Dataset records START

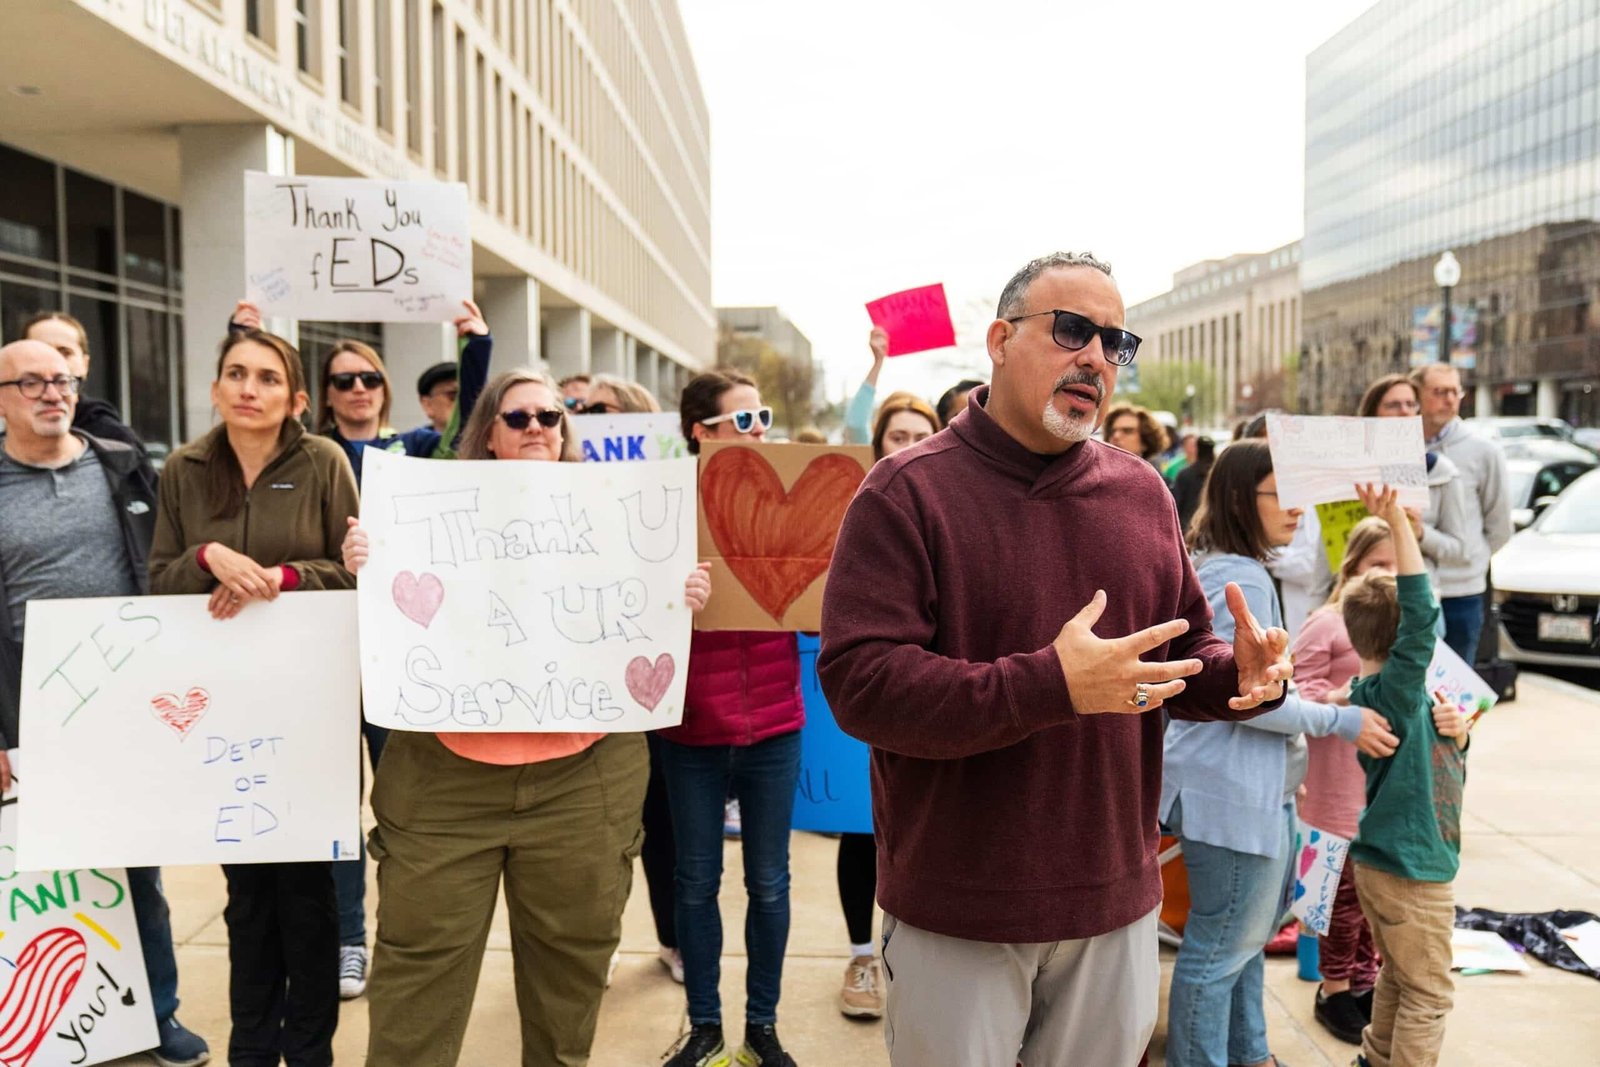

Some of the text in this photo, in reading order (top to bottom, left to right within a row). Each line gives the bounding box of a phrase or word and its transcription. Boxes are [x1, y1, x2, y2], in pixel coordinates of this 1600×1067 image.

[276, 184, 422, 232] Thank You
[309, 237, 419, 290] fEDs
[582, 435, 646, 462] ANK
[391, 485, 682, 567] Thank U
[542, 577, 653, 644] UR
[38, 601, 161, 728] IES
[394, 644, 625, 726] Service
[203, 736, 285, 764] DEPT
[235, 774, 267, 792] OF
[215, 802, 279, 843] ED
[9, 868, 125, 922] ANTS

Dataset records END

▶ Activity:
Reproduce the listing exactly, but omit every picture in it.

▶ Result of the task:
Some of the text in this photo, in reading order (top to bottom, left to right within a row). Each line gives the bounding box of a phrase or word and its transcription. Boxes are [x1, y1, x2, y2], in pixel coordinates of this 1600×1067 image.

[276, 184, 422, 232] Thank You
[309, 237, 419, 290] fEDs
[582, 435, 646, 462] ANK
[391, 485, 682, 567] Thank U
[542, 577, 653, 644] UR
[38, 601, 161, 728] IES
[394, 644, 625, 726] Service
[203, 736, 285, 764] DEPT
[235, 774, 267, 792] OF
[215, 802, 279, 843] ED
[9, 868, 125, 922] ANTS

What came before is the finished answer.